When Tom Met Jack
Inside the cozy relationship between Tom DeLay and D.C.'s most notorious lobbyist. Could it take the leader down?
Sunday, Apr. 17, 2005
It was congress's holiday for memorial Day 2000, and majority whip Tom DeLay's staff thought the boss and two top aides deserved a respite from the arduous hours they had been putting in doing the people's business. They wanted to make sure DeLay's little delegation had the finest of everything on its weeklong trip to Britain—from lodgings at the Four Seasons Hotel in London to dinners at the poshest restaurants with the most interesting people, right down to the best tickets for The Lion King—at the time, one of the hottest shows playing on the West End and one for which good seats usually meant a six-month wait. So DeLay's congressional office turned to someone they trusted far more than any travel agent or concierge: lobbyist Jack Abramoff. "He ran all the trips," recalls a former top DeLay aide. "You ask where the itineraries came from, who made all the travel arrangements—it all came out of Jack's shop."

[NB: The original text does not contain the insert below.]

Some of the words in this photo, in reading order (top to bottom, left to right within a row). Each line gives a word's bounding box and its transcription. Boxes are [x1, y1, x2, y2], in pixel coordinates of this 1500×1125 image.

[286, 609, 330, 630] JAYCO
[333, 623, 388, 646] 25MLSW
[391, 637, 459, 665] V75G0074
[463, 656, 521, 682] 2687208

Previous trips had taken DeLay and members of his staff all over the world, but none had been planned quite as meticulously as this one.

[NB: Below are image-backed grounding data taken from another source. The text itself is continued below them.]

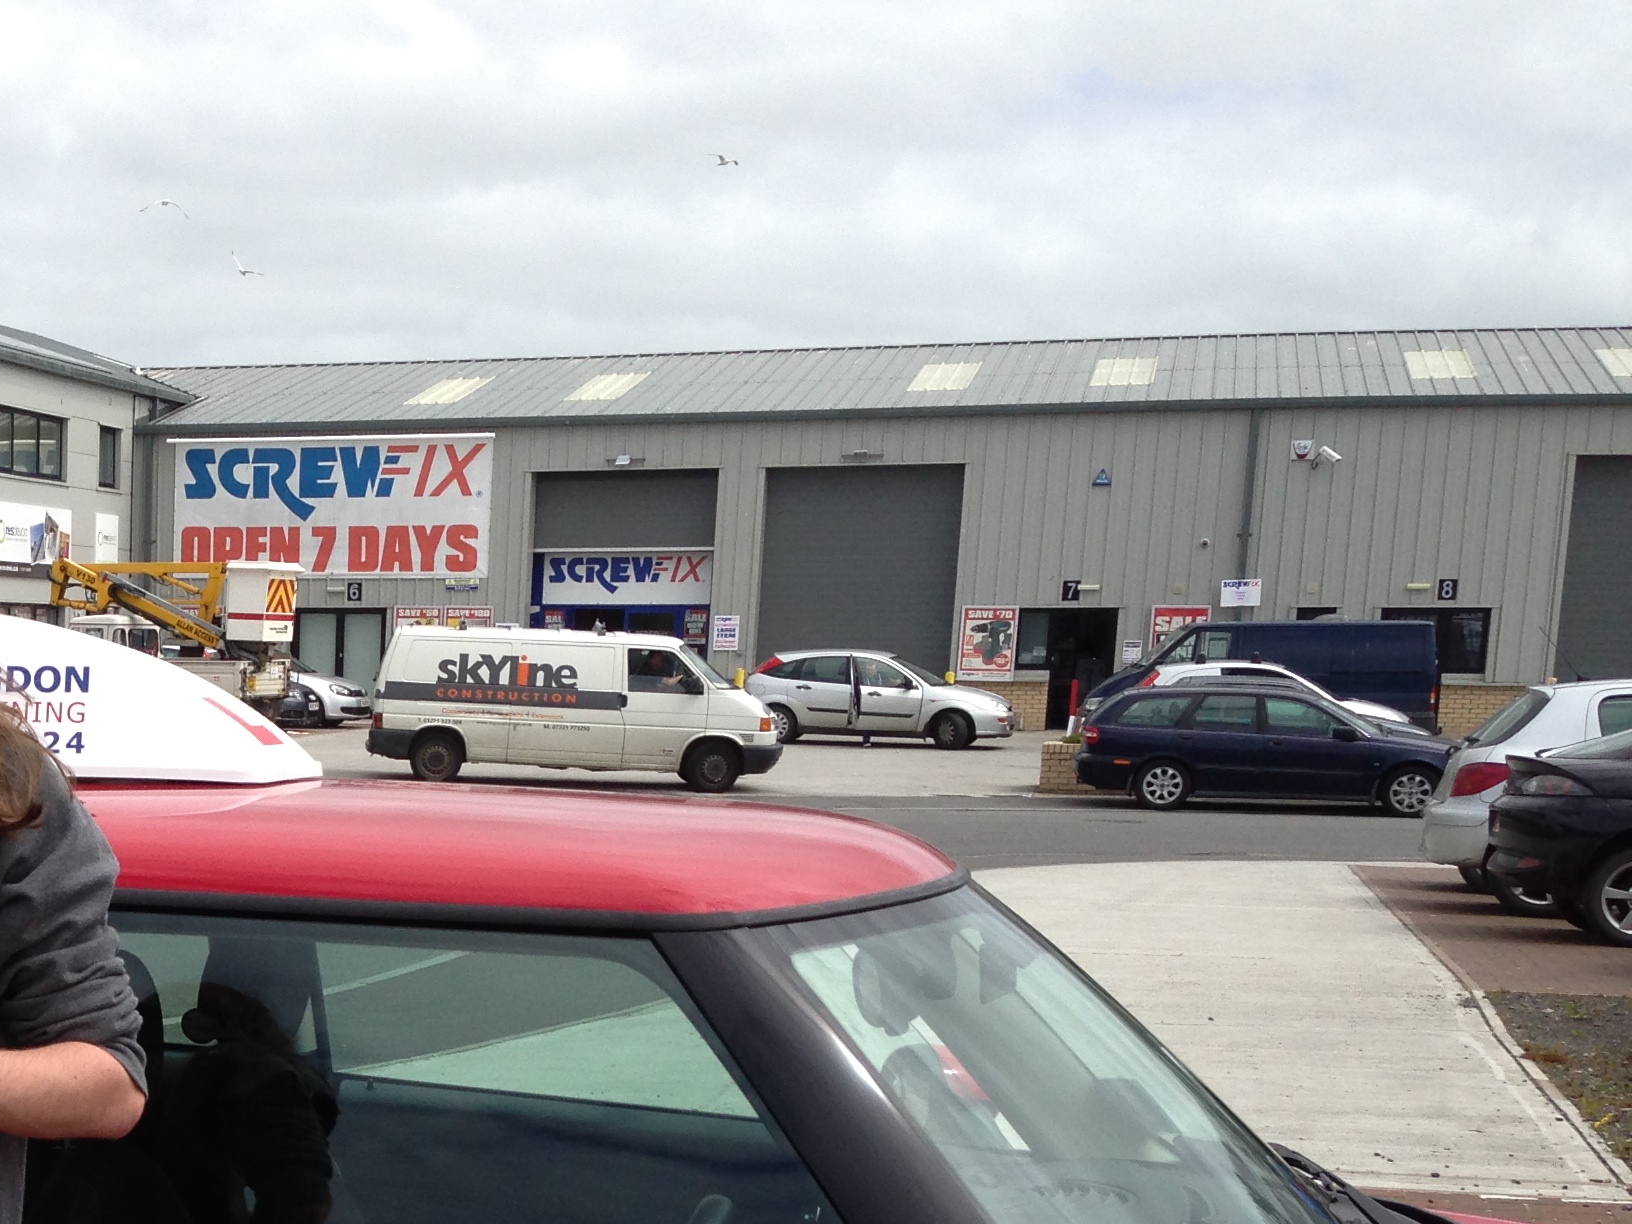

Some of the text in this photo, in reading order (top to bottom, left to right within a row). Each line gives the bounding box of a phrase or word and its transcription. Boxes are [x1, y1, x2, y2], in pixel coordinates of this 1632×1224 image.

[183, 443, 487, 521] SCREWFIX
[181, 524, 478, 572] OPEN 7 DAYS
[549, 556, 708, 594] SCREWFIX
[350, 584, 359, 599] 6
[1066, 583, 1076, 599] 7
[1442, 581, 1453, 598] 8
[436, 688, 576, 704] CONSTRUCTION
[44, 731, 85, 754] 24

Three sources who worked with Abramoff at the time say the majority whip's office ran one of Abramoff's assistants ragged with its constantly changing requests. Indeed, say two of those sources, the whole idea for the expensive London jaunt originated with DeLay aides as an additional stop on a golf outing that Abramoff had proposed to Scotland's famous St. Andrews course.

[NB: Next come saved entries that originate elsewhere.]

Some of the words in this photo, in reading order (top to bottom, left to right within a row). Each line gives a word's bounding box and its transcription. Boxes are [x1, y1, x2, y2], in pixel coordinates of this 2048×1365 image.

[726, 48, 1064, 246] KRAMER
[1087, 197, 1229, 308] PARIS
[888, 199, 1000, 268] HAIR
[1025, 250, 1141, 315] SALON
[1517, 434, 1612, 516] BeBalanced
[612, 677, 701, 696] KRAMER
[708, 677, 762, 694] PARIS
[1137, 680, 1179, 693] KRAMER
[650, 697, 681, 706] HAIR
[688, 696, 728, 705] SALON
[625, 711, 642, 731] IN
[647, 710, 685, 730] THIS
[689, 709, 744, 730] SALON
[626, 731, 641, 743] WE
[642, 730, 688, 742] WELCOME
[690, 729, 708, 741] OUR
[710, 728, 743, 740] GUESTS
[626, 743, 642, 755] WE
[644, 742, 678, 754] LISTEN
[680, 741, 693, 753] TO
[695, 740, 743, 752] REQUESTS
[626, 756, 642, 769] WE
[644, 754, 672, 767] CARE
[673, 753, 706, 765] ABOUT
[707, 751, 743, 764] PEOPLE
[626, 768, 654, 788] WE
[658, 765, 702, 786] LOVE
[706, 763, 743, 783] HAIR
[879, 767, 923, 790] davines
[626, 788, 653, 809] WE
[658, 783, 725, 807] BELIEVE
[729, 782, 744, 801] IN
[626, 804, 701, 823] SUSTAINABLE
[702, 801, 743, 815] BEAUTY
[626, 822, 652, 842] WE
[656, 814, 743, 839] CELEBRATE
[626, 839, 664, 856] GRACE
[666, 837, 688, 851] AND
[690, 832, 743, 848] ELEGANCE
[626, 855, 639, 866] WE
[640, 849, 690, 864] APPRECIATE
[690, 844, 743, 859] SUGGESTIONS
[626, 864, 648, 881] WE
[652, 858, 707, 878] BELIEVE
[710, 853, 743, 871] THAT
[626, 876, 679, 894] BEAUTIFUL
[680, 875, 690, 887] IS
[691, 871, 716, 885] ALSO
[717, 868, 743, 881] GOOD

Abramoff delivered on virtually everything DeLay's staff requested.
"Jack didn't need this to go awry," recalls a lobbyist who then worked with Abramoff at the Preston Gates Ellis & Rouvelas Meeds law firm and who notes that the trip came at a critical moment. Congress was considering legislation (which died a month after the trip) that might have shut down Internet gambling—and jeopardized the livelihoods of some of Abramoff's biggest clients. Two of them—a Choctaw Indian tribe and the Internet gambling company eLottery Inc.—each wrote a check for $25,000 on May 25, 2000, the day DeLay departed, to the sponsor of the trip, the National Center for Public Policy Research, a conservative nonprofit foundation on whose board Abramoff sat. Those checks would cover most of the cost of the $70,000 junket. Sponsorship by the center made the trip allowable under House ethics rules, which prohibit lobbyists from paying for congressional travel.